Source material:
== Segment start ==
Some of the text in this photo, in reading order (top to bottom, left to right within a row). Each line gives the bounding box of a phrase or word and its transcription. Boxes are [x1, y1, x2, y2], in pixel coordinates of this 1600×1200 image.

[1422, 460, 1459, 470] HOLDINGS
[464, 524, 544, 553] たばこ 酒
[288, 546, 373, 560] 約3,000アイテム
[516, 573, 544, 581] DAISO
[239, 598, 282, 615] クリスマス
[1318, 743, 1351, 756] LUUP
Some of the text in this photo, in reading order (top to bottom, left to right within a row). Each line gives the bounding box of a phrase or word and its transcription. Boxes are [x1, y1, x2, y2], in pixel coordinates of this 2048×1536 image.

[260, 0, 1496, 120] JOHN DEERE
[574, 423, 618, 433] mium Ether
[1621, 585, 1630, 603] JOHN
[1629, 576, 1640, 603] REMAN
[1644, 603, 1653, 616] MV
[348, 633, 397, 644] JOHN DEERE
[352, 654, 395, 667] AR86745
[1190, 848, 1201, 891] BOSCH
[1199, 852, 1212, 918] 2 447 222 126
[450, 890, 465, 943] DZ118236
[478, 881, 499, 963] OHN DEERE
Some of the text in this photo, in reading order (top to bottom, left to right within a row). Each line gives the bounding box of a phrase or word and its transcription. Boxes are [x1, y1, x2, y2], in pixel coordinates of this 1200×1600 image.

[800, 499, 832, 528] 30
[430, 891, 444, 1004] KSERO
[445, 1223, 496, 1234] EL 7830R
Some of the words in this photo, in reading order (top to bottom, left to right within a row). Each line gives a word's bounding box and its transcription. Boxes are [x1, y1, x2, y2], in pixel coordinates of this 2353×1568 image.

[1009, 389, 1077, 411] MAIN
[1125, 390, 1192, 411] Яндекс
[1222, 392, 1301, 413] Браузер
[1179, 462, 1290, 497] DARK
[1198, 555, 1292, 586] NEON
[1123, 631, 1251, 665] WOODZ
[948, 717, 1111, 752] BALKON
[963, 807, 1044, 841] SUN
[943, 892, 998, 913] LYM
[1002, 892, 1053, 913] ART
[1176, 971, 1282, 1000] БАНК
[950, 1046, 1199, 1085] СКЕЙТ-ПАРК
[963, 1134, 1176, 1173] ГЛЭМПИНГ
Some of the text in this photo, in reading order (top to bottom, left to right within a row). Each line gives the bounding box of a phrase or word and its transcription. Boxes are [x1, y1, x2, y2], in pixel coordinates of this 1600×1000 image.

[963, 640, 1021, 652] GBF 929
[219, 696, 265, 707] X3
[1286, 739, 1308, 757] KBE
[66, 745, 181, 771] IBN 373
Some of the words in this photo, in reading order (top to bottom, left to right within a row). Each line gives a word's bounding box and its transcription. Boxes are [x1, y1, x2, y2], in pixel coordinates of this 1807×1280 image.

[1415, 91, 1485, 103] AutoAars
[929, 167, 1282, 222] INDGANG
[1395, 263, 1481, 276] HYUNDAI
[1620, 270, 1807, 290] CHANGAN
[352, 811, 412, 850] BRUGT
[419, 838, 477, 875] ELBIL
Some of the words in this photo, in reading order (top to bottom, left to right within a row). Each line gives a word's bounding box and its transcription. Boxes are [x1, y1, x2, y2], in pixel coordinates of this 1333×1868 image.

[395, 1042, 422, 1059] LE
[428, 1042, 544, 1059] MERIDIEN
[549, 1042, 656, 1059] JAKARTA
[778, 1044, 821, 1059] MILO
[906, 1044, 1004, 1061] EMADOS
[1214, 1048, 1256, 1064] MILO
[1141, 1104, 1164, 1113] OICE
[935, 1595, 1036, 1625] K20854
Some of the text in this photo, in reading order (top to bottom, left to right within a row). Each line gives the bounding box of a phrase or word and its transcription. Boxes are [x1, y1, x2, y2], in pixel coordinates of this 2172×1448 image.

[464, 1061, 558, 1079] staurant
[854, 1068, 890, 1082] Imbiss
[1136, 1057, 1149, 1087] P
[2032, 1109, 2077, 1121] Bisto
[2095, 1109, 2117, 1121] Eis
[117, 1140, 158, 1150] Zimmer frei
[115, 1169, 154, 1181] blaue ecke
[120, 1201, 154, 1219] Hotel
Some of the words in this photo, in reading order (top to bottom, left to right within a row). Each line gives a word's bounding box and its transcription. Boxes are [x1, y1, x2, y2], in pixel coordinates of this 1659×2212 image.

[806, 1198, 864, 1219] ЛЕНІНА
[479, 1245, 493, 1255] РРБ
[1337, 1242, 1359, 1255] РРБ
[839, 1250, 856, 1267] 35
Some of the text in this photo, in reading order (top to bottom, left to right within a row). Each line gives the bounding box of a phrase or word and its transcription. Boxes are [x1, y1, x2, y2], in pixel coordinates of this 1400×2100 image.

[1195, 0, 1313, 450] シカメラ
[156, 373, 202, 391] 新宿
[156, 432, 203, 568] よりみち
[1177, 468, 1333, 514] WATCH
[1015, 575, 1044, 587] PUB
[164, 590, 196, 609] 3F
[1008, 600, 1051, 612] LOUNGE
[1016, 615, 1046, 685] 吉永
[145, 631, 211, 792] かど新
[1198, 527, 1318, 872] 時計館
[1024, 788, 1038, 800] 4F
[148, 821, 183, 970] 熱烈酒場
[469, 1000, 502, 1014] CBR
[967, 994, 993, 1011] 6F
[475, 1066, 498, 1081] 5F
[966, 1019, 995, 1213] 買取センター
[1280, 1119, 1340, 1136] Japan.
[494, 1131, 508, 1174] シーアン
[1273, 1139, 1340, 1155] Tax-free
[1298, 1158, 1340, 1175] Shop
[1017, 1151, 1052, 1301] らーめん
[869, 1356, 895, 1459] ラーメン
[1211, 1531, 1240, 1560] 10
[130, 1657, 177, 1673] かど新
== Segment end ==
What you should do:
The full listing must be retyped exactly as it stands.

Task result:
Some of the text in this photo, in reading order (top to bottom, left to right within a row). Each line gives the bounding box of a phrase or word and its transcription. Boxes are [x1, y1, x2, y2], in pixel coordinates of this 1600×1200 image.

[1422, 460, 1459, 470] HOLDINGS
[464, 524, 544, 553] たばこ 酒
[288, 546, 373, 560] 約3,000アイテム
[516, 573, 544, 581] DAISO
[239, 598, 282, 615] クリスマス
[1318, 743, 1351, 756] LUUP
Some of the text in this photo, in reading order (top to bottom, left to right within a row). Each line gives the bounding box of a phrase or word and its transcription. Boxes are [x1, y1, x2, y2], in pixel coordinates of this 2048×1536 image.

[260, 0, 1496, 120] JOHN DEERE
[574, 423, 618, 433] mium Ether
[1621, 585, 1630, 603] JOHN
[1629, 576, 1640, 603] REMAN
[1644, 603, 1653, 616] MV
[348, 633, 397, 644] JOHN DEERE
[352, 654, 395, 667] AR86745
[1190, 848, 1201, 891] BOSCH
[1199, 852, 1212, 918] 2 447 222 126
[450, 890, 465, 943] DZ118236
[478, 881, 499, 963] OHN DEERE
Some of the text in this photo, in reading order (top to bottom, left to right within a row). Each line gives the bounding box of a phrase or word and its transcription. Boxes are [x1, y1, x2, y2], in pixel coordinates of this 1200×1600 image.

[800, 499, 832, 528] 30
[430, 891, 444, 1004] KSERO
[445, 1223, 496, 1234] EL 7830R
Some of the words in this photo, in reading order (top to bottom, left to right within a row). Each line gives a word's bounding box and its transcription. Boxes are [x1, y1, x2, y2], in pixel coordinates of this 2353×1568 image.

[1009, 389, 1077, 411] MAIN
[1125, 390, 1192, 411] Яндекс
[1222, 392, 1301, 413] Браузер
[1179, 462, 1290, 497] DARK
[1198, 555, 1292, 586] NEON
[1123, 631, 1251, 665] WOODZ
[948, 717, 1111, 752] BALKON
[963, 807, 1044, 841] SUN
[943, 892, 998, 913] LYM
[1002, 892, 1053, 913] ART
[1176, 971, 1282, 1000] БАНК
[950, 1046, 1199, 1085] СКЕЙТ-ПАРК
[963, 1134, 1176, 1173] ГЛЭМПИНГ
Some of the text in this photo, in reading order (top to bottom, left to right within a row). Each line gives the bounding box of a phrase or word and its transcription. Boxes are [x1, y1, x2, y2], in pixel coordinates of this 1600×1000 image.

[963, 640, 1021, 652] GBF 929
[219, 696, 265, 707] X3
[1286, 739, 1308, 757] KBE
[66, 745, 181, 771] IBN 373
Some of the words in this photo, in reading order (top to bottom, left to right within a row). Each line gives a word's bounding box and its transcription. Boxes are [x1, y1, x2, y2], in pixel coordinates of this 1807×1280 image.

[1415, 91, 1485, 103] AutoAars
[929, 167, 1282, 222] INDGANG
[1395, 263, 1481, 276] HYUNDAI
[1620, 270, 1807, 290] CHANGAN
[352, 811, 412, 850] BRUGT
[419, 838, 477, 875] ELBIL
Some of the words in this photo, in reading order (top to bottom, left to right within a row). Each line gives a word's bounding box and its transcription. Boxes are [x1, y1, x2, y2], in pixel coordinates of this 1333×1868 image.

[395, 1042, 422, 1059] LE
[428, 1042, 544, 1059] MERIDIEN
[549, 1042, 656, 1059] JAKARTA
[778, 1044, 821, 1059] MILO
[906, 1044, 1004, 1061] EMADOS
[1214, 1048, 1256, 1064] MILO
[1141, 1104, 1164, 1113] OICE
[935, 1595, 1036, 1625] K20854
Some of the text in this photo, in reading order (top to bottom, left to right within a row). Each line gives the bounding box of a phrase or word and its transcription. Boxes are [x1, y1, x2, y2], in pixel coordinates of this 2172×1448 image.

[464, 1061, 558, 1079] staurant
[854, 1068, 890, 1082] Imbiss
[1136, 1057, 1149, 1087] P
[2032, 1109, 2077, 1121] Bisto
[2095, 1109, 2117, 1121] Eis
[117, 1140, 158, 1150] Zimmer frei
[115, 1169, 154, 1181] blaue ecke
[120, 1201, 154, 1219] Hotel
Some of the words in this photo, in reading order (top to bottom, left to right within a row). Each line gives a word's bounding box and its transcription. Boxes are [x1, y1, x2, y2], in pixel coordinates of this 1659×2212 image.

[806, 1198, 864, 1219] ЛЕНІНА
[479, 1245, 493, 1255] РРБ
[1337, 1242, 1359, 1255] РРБ
[839, 1250, 856, 1267] 35
Some of the text in this photo, in reading order (top to bottom, left to right within a row). Each line gives the bounding box of a phrase or word and its transcription. Boxes are [x1, y1, x2, y2], in pixel coordinates of this 1400×2100 image.

[1195, 0, 1313, 450] シカメラ
[156, 373, 202, 391] 新宿
[156, 432, 203, 568] よりみち
[1177, 468, 1333, 514] WATCH
[1015, 575, 1044, 587] PUB
[164, 590, 196, 609] 3F
[1008, 600, 1051, 612] LOUNGE
[1016, 615, 1046, 685] 吉永
[145, 631, 211, 792] かど新
[1198, 527, 1318, 872] 時計館
[1024, 788, 1038, 800] 4F
[148, 821, 183, 970] 熱烈酒場
[469, 1000, 502, 1014] CBR
[967, 994, 993, 1011] 6F
[475, 1066, 498, 1081] 5F
[966, 1019, 995, 1213] 買取センター
[1280, 1119, 1340, 1136] Japan.
[494, 1131, 508, 1174] シーアン
[1273, 1139, 1340, 1155] Tax-free
[1298, 1158, 1340, 1175] Shop
[1017, 1151, 1052, 1301] らーめん
[869, 1356, 895, 1459] ラーメン
[1211, 1531, 1240, 1560] 10
[130, 1657, 177, 1673] かど新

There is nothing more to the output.